Choosing the right payroll software

The right payroll software reduces manual work and helps you stay compliant without memorising every deadline and rate change.

When evaluating payroll tools, look for features that matter most to Canadian small businesses:

  • Automatic calculation of CPP, EI, and federal and provincial income tax deductions
  • Built-in remittance tracking and deadline reminders
  • T4 slip generation and electronic filing
  • ROE creation and submission
  • Support for multiple provinces and territories
  • Integration with your accounting software so payroll data flows directly into your books

Cloud-based payroll software is especially useful because rates and thresholds are updated automatically. This means you don't need to manually adjust for new CPP or EI rates at the start of each year. When your payroll tool connects to your accounting platform, every pay run is reflected in your financial reports in real time.

Simplify payroll compliance with Xero

Payroll compliance doesn't have to consume hours of your week. With the right tools and a clear process, you can handle deductions, remittances, and year-end reporting with confidence.

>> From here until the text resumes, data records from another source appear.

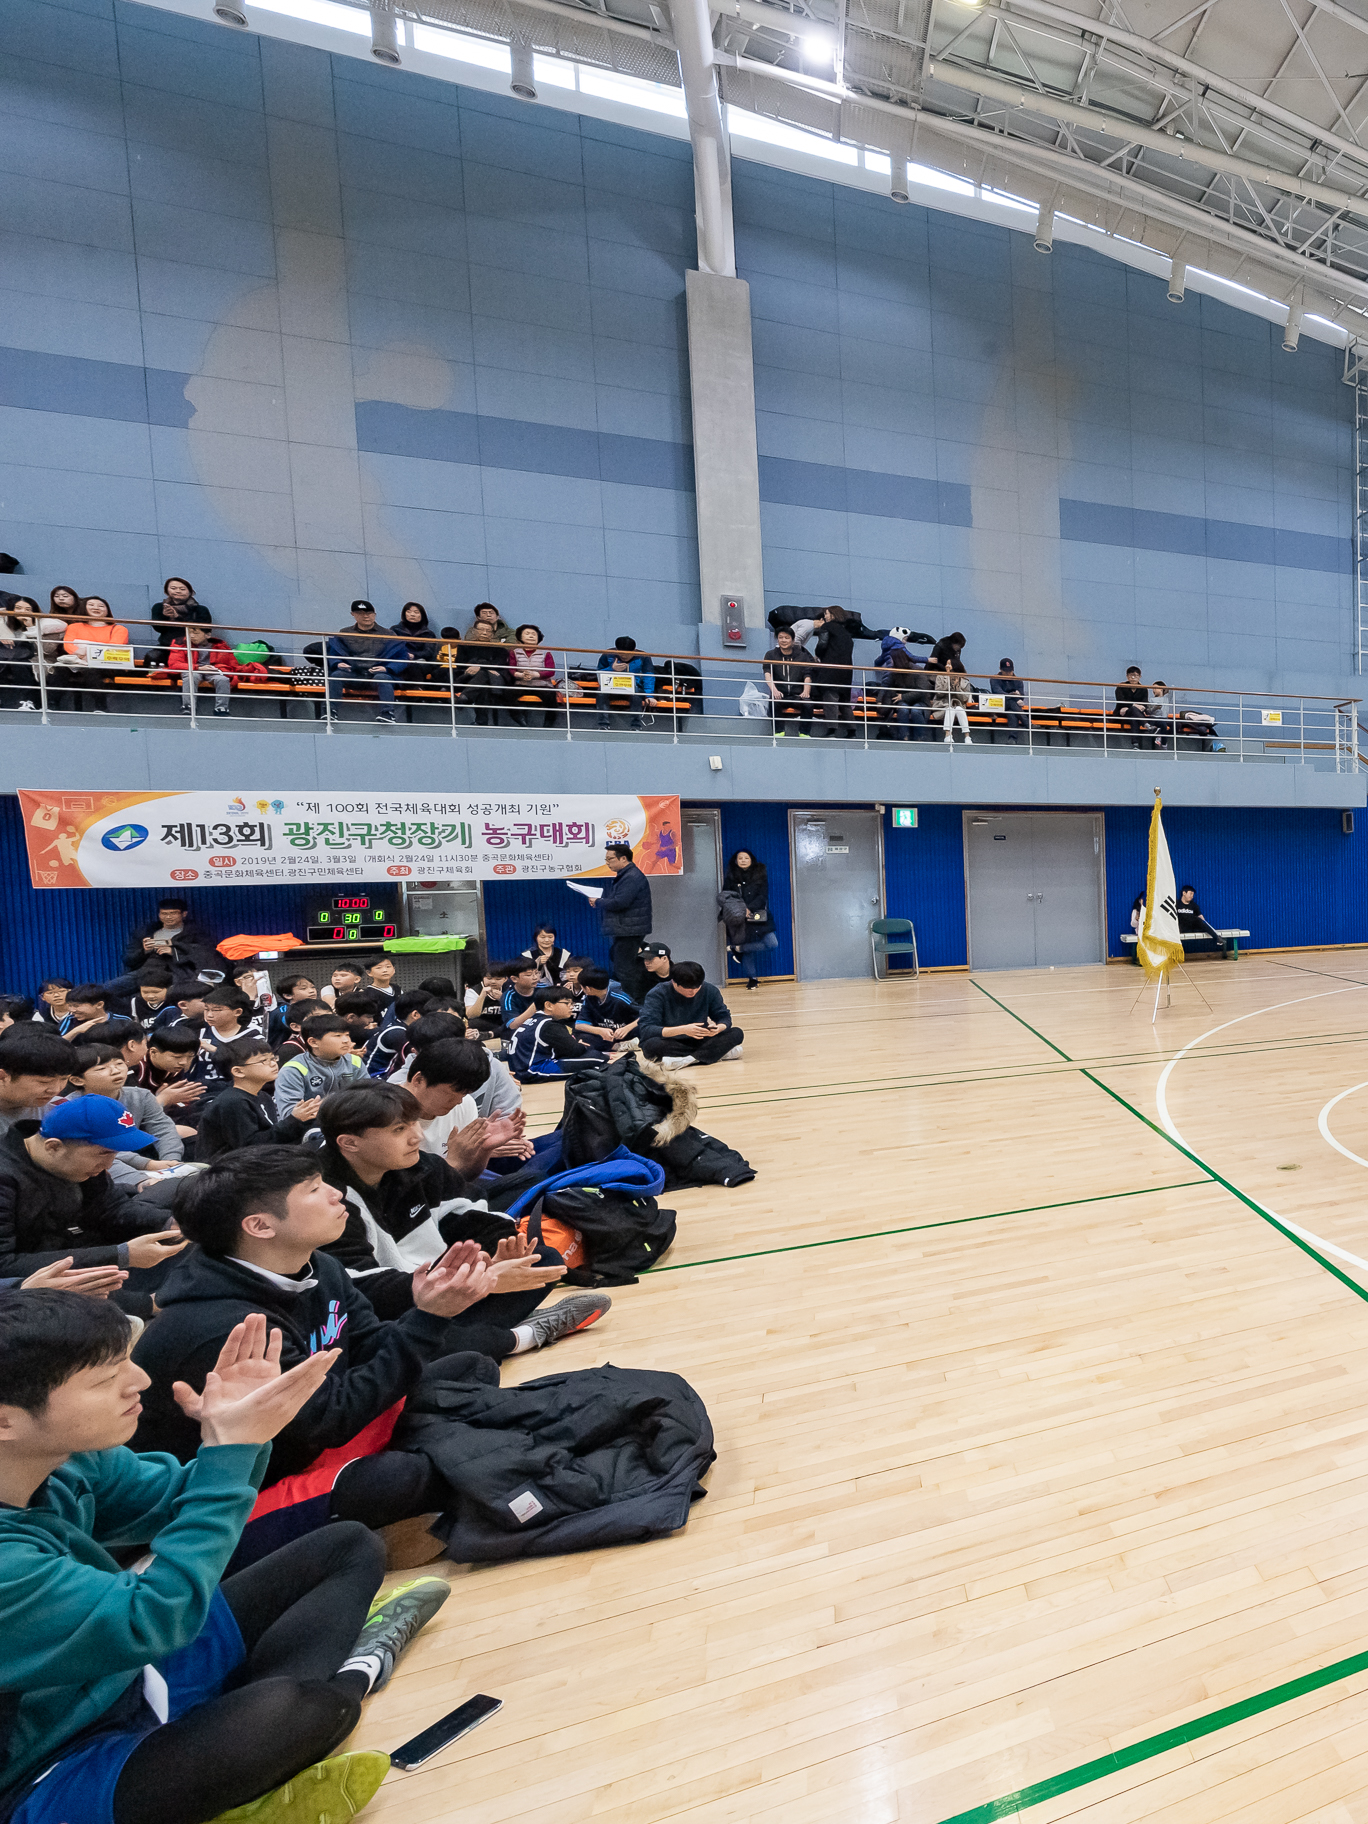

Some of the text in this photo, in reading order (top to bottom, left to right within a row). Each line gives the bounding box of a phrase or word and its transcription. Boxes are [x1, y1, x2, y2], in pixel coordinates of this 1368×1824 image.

[326, 802, 369, 815] 100회
[375, 802, 461, 816] 전국체육대회
[466, 802, 521, 816] 성공개최
[160, 821, 592, 849] 제13회 광진구청장기 농구대회
[212, 857, 235, 867] 일시
[240, 856, 276, 866] 2019년
[326, 855, 357, 864] 3월3일
[363, 854, 395, 864] (개회식
[398, 854, 434, 863] 2월24일
[438, 853, 479, 863] 11시30분
[174, 869, 196, 880] 장소
[389, 866, 411, 876] 주최
[417, 865, 473, 875] 광진구체육회
[495, 864, 515, 874] 주관
[521, 863, 583, 874] 광진구농구협회
[320, 912, 329, 922] 0
[345, 913, 360, 923] 30
[375, 910, 384, 920] 0
[333, 927, 344, 939] 0
[349, 930, 357, 940] 0
[384, 925, 394, 937] 0

Xero Accounting Software brings your financial data together in one place, giving you accurate, up-to-date records that support every step of the payroll process. From tracking employee costs to preparing for year-end, having organized books makes compliance far more manageable. Try it for yourself and get one month free.

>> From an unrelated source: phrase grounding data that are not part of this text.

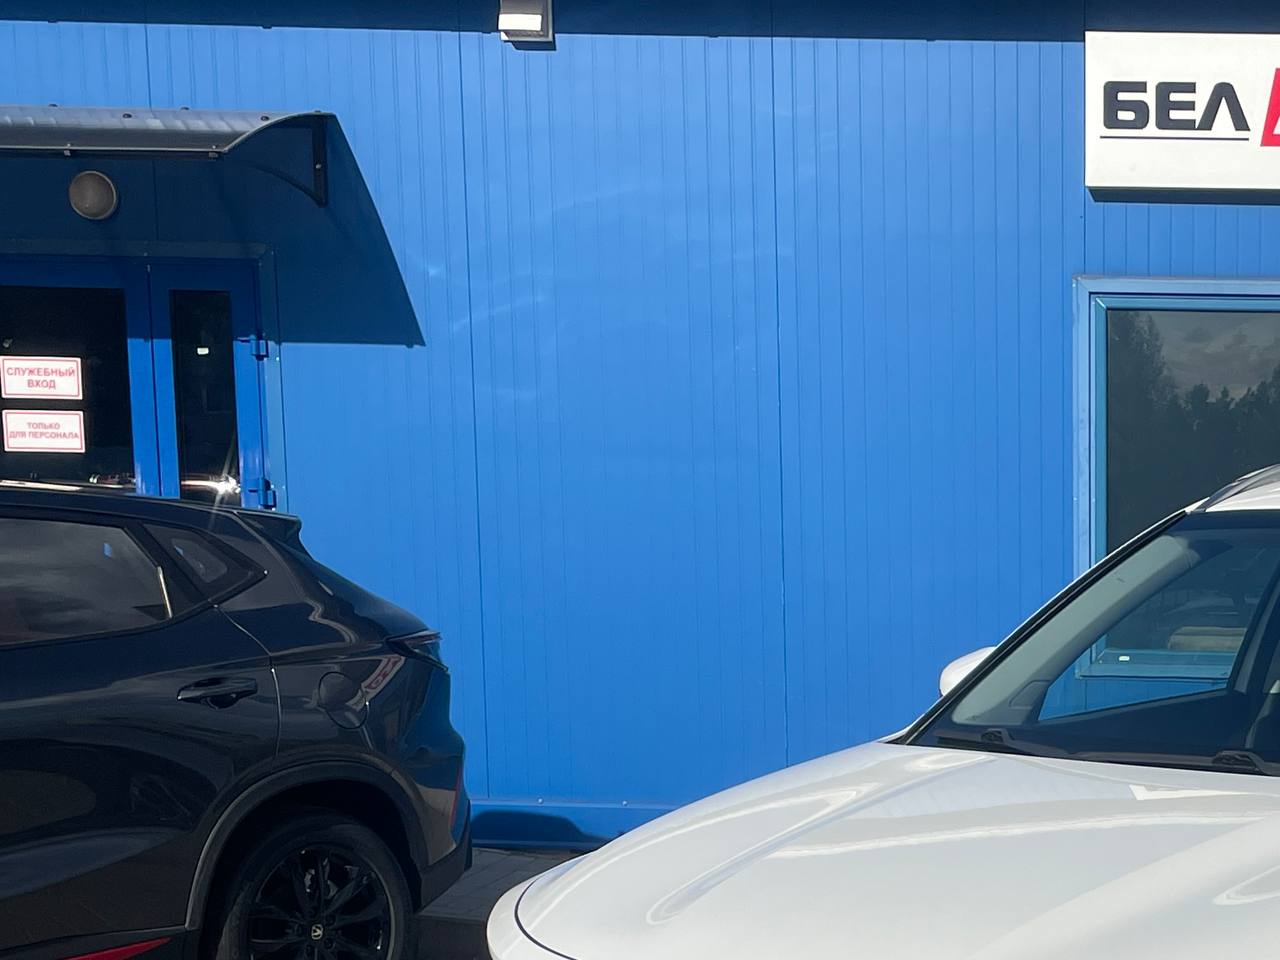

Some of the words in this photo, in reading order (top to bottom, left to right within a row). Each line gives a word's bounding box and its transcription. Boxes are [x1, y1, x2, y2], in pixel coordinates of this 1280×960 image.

[1101, 80, 1251, 133] БЕЛ
[6, 366, 76, 377] СЛУЖЕБНЫЙ
[27, 379, 56, 389] ВХОД
[27, 422, 61, 430] ТОЛЬКО
[9, 431, 27, 439] ДЛЯ
[28, 431, 79, 440] ПЕРСОНАЛА
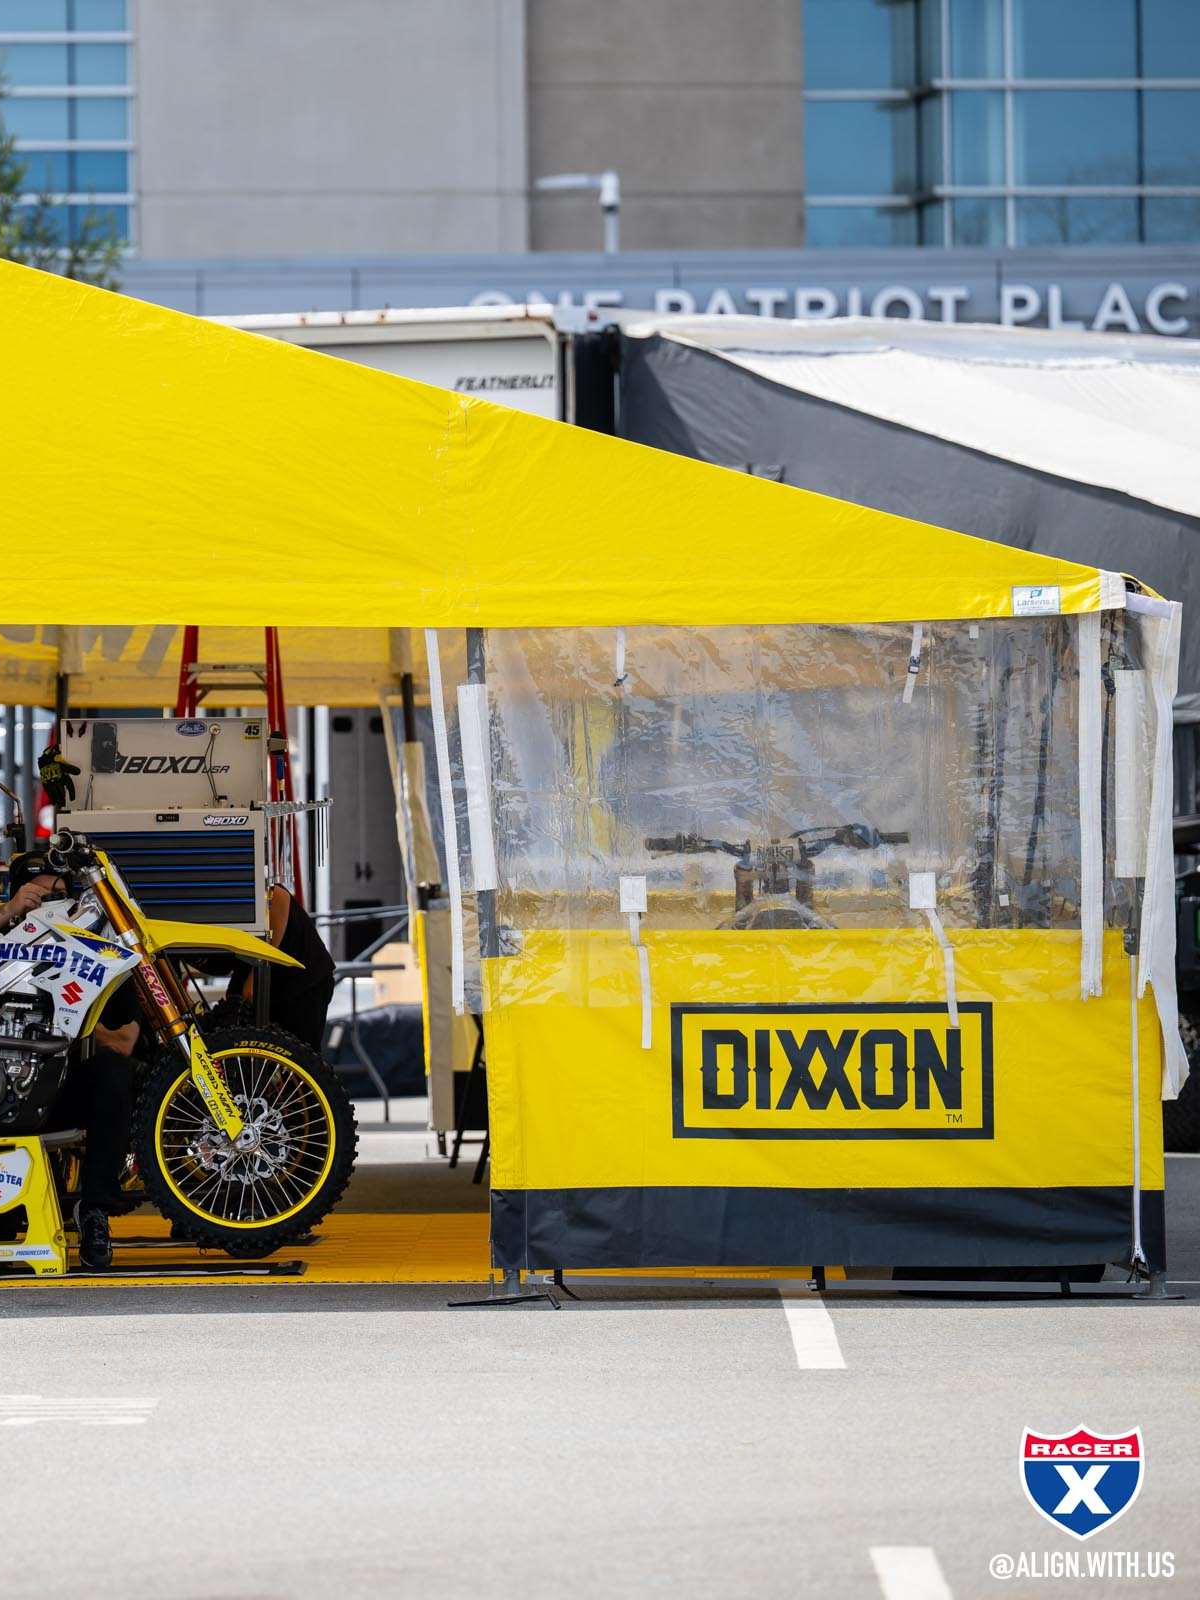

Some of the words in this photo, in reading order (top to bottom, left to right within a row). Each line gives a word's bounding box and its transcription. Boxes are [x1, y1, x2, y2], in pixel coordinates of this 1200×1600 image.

[244, 725, 260, 736] 45
[122, 756, 207, 774] BOXO
[212, 816, 248, 826] BOXO
[69, 951, 107, 988] TEA
[140, 964, 171, 1008] KYB
[240, 1041, 293, 1056] DUNLOP
[700, 1028, 965, 1110] DIXXON
[6, 1174, 23, 1187] TEA

FAQs on payroll compliance

Here are answers to some frequently asked questions about payroll compliance in Canada.

What is payroll compliance?

Payroll compliance is the process of meeting all legal requirements related to paying employees. In Canada, this includes registering a payroll account with the CRA, calculating and withholding CPP, EI, and income tax deductions, remitting those amounts on time, and filing year-end reports such as T4 slips.

How often do I need to remit payroll deductions to the CRA?

Most small businesses are classified as regular remitters, which means deductions are due by the 15th of the month following the pay period. Larger employers may be required to remit on an accelerated schedule, either up to two times per month or up to four times per month, depending on their average monthly withholding amounts.

What happens if I miss a payroll remittance deadline?

The CRA applies a penalty starting at 3% for payments one to three days late, increasing to 10% for payments more than seven days overdue. Repeat late payments within the same calendar year can attract a 20% penalty. Interest also accrues daily on unpaid balances from the original due date.

Do I need to file payroll reports at year-end?

Yes. You must file T4 information returns with the CRA by the last day of February following the tax year. Each employee receives a T4 slip summarizing their earnings, deductions, and taxable benefits for the year. These slips are essential for employees to file their personal income tax returns.

How long do I need to keep payroll records?

The CRA requires you to retain payroll records for a minimum of six years from the end of the tax year they relate to. This includes pay stubs, T4 slips, remittance confirmations, TD1 forms, and any other supporting payroll documentation.

Disclaimer

Xero does not provide accounting, tax, business or legal advice. This guide has been provided for information purposes only. You should consult your own professional advisors for advice directly relating to your business or before taking action in relation to any of the content provided.